■ **Task item**
Each entry must be given again exactly; images do not belong in the copy.

■ **Study material**
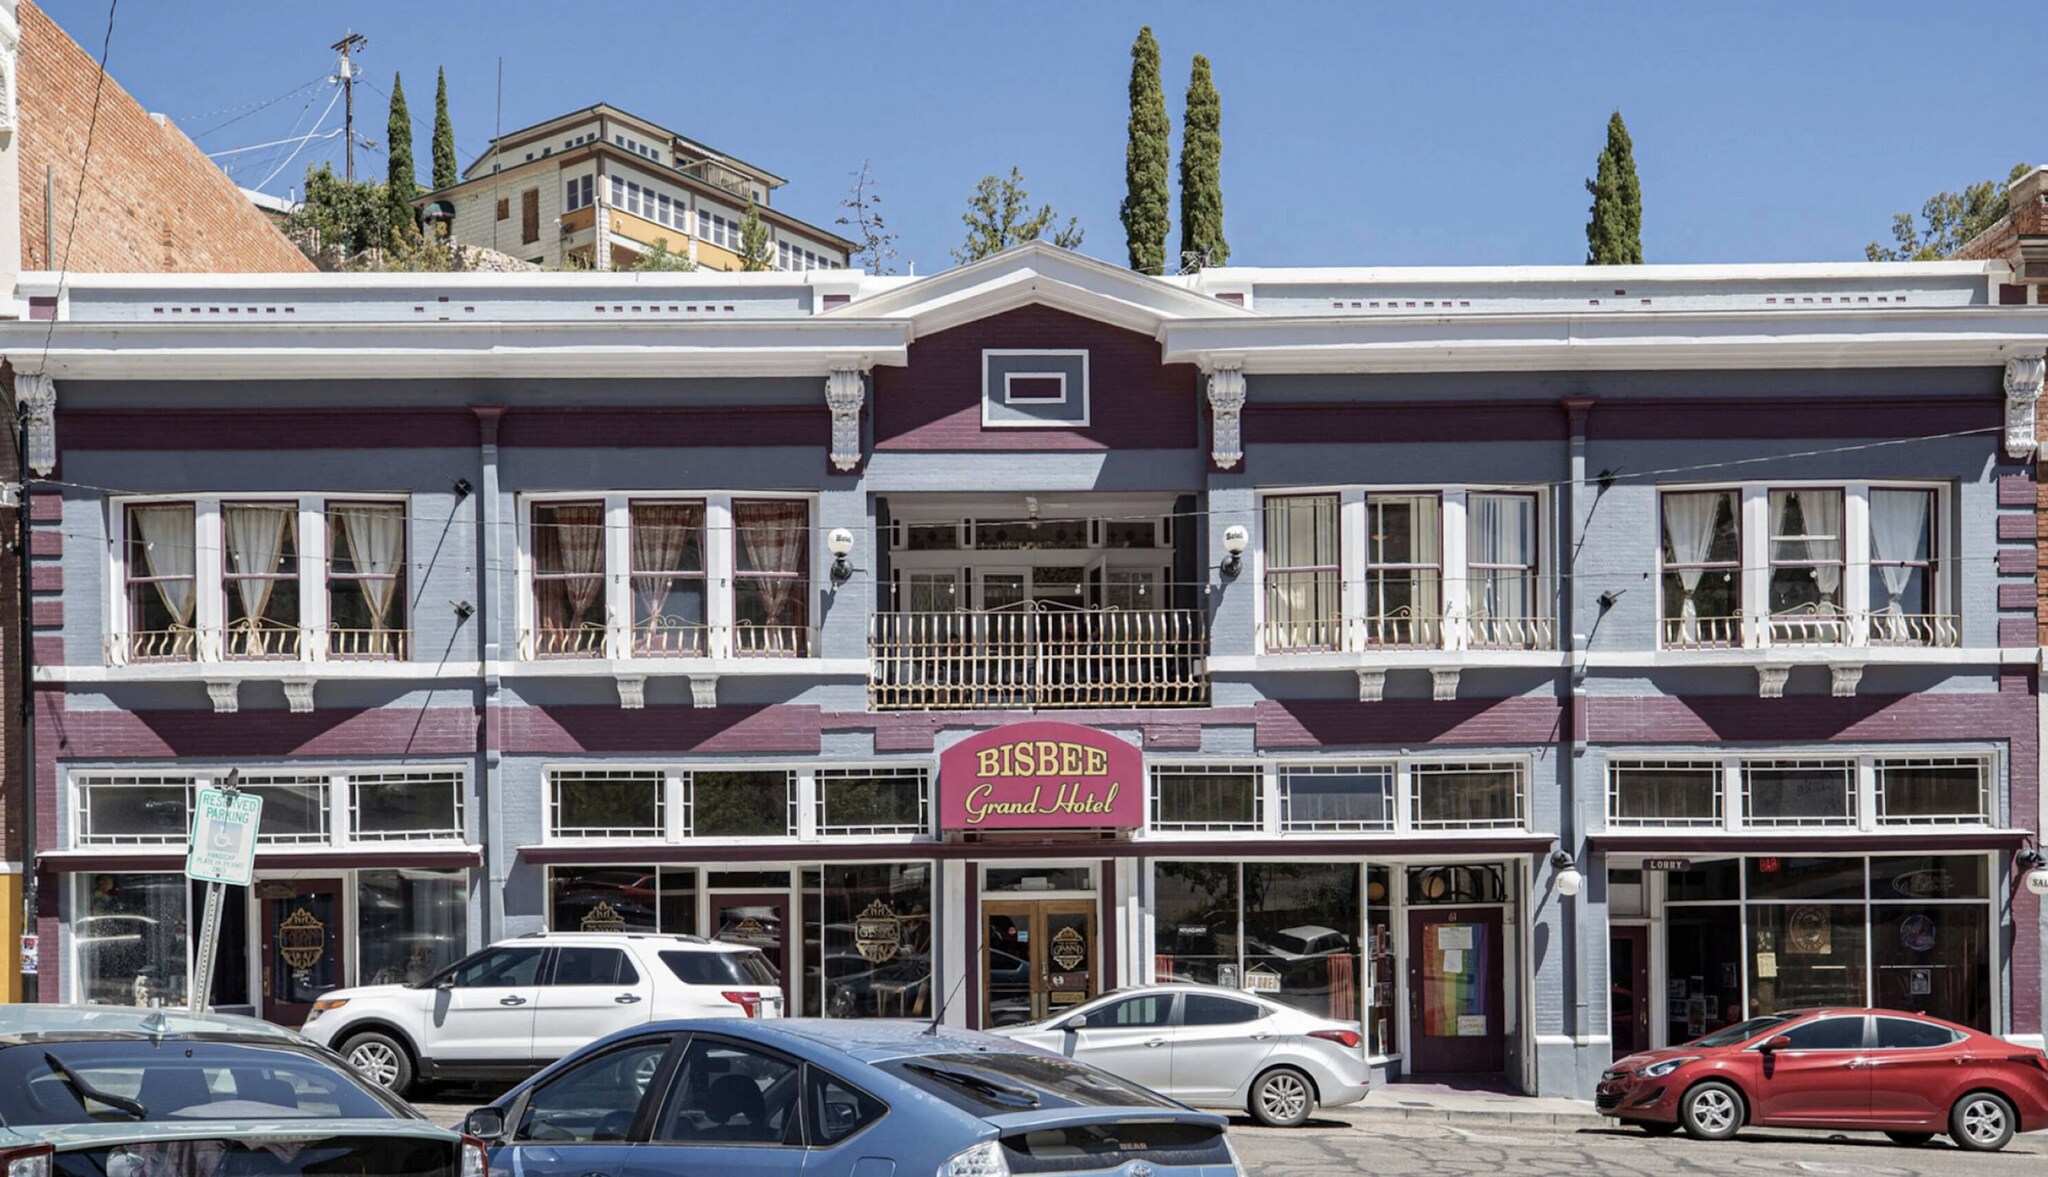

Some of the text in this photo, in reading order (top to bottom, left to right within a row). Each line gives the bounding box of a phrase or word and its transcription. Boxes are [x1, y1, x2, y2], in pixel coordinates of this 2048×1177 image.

[975, 740, 1109, 778] BISBEE
[202, 793, 257, 812] RESRVED
[964, 782, 1120, 825] Grand Hotel
[205, 807, 250, 824] PARKING
[1650, 861, 1683, 869] LOBBY
[1448, 912, 1457, 922] 61
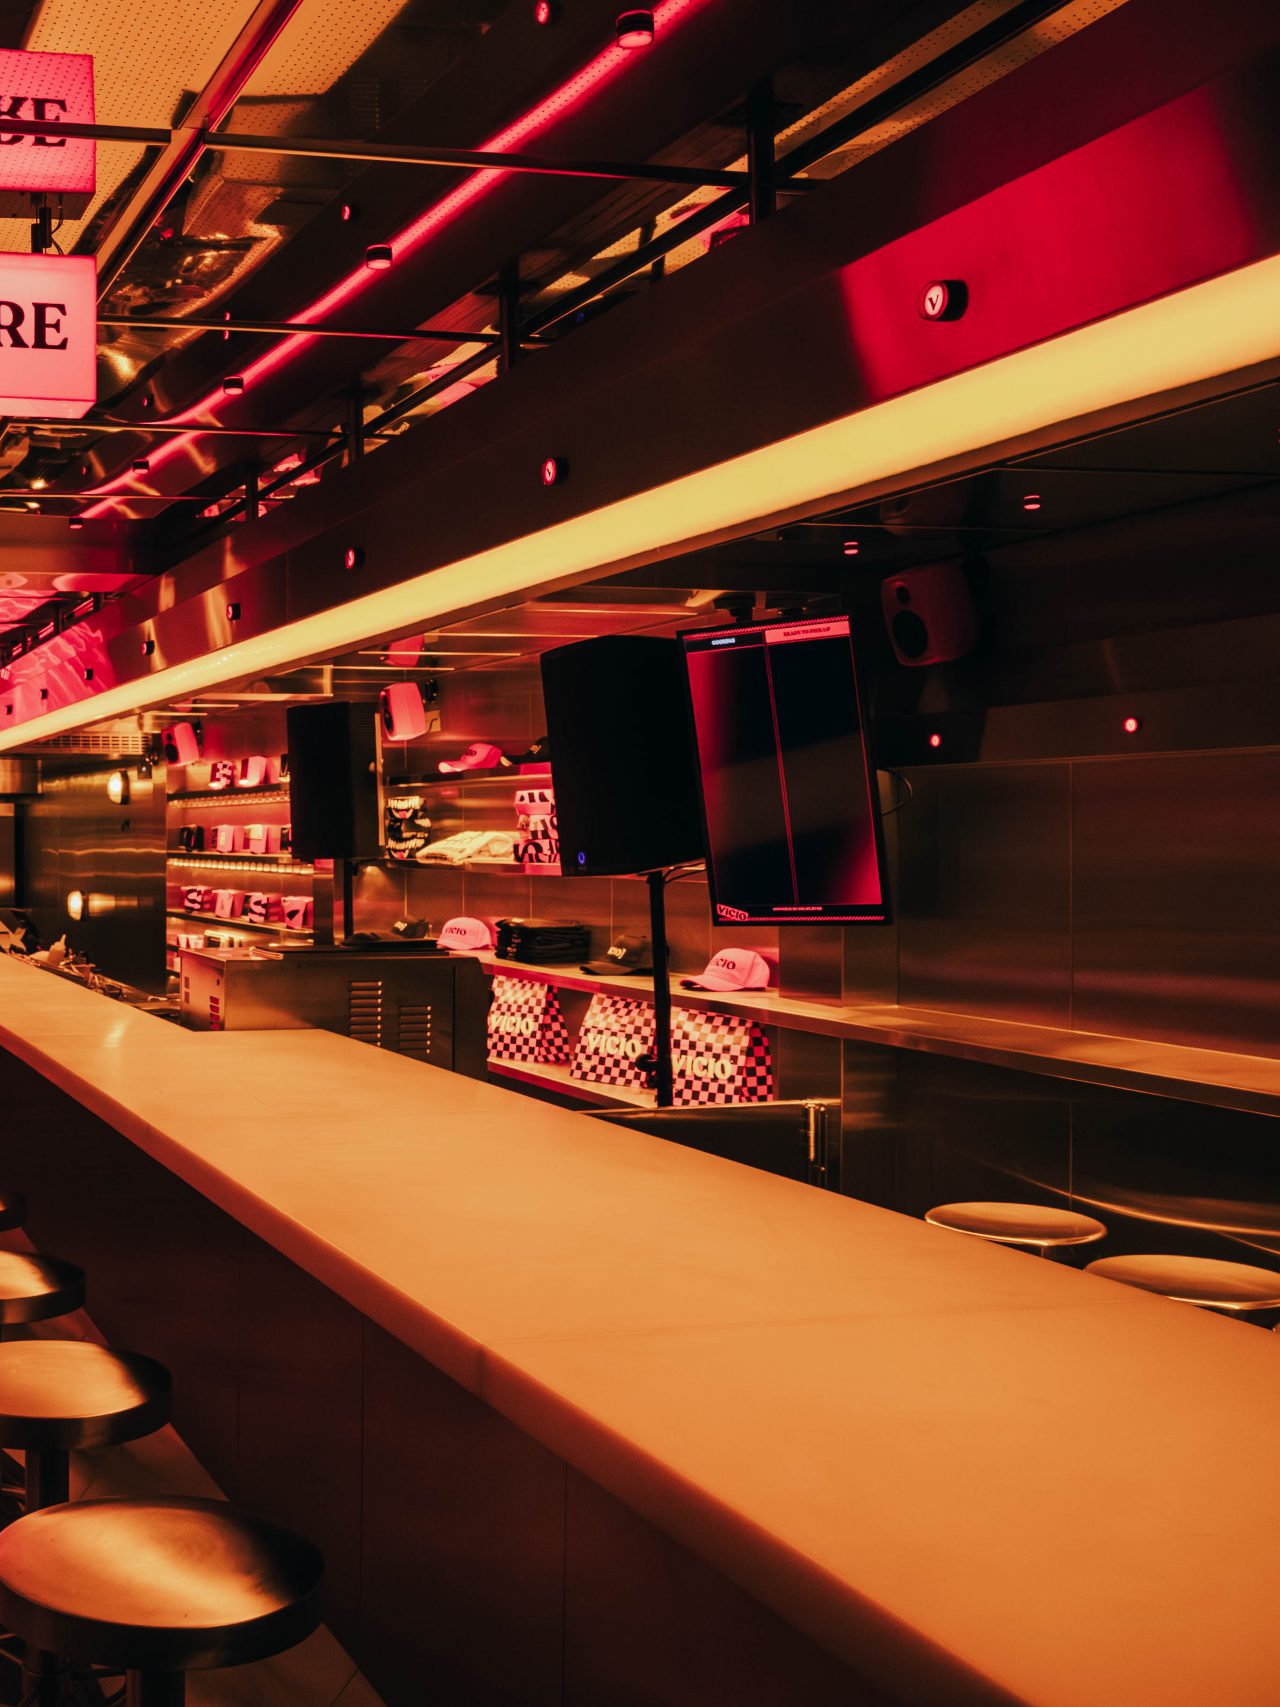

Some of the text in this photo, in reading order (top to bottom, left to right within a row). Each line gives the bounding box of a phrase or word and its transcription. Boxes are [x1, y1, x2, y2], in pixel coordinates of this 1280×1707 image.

■ **Response to this task**
Some of the text in this photo, in reading order (top to bottom, left to right within a row). Each line gives the bounding box of a phrase or word and its transcription. Boxes are [x1, y1, x2, y2], in pixel coordinates of this 2048×1177 image.

[975, 740, 1109, 778] BISBEE
[202, 793, 257, 812] RESRVED
[964, 782, 1120, 825] Grand Hotel
[205, 807, 250, 824] PARKING
[1650, 861, 1683, 869] LOBBY
[1448, 912, 1457, 922] 61

Some of the text in this photo, in reading order (top to bottom, left to right within a row). Each line gives the bounding box of a phrase or word and its transcription. Boxes are [x1, y1, x2, y2], in pixel coordinates of this 1280×1707 image.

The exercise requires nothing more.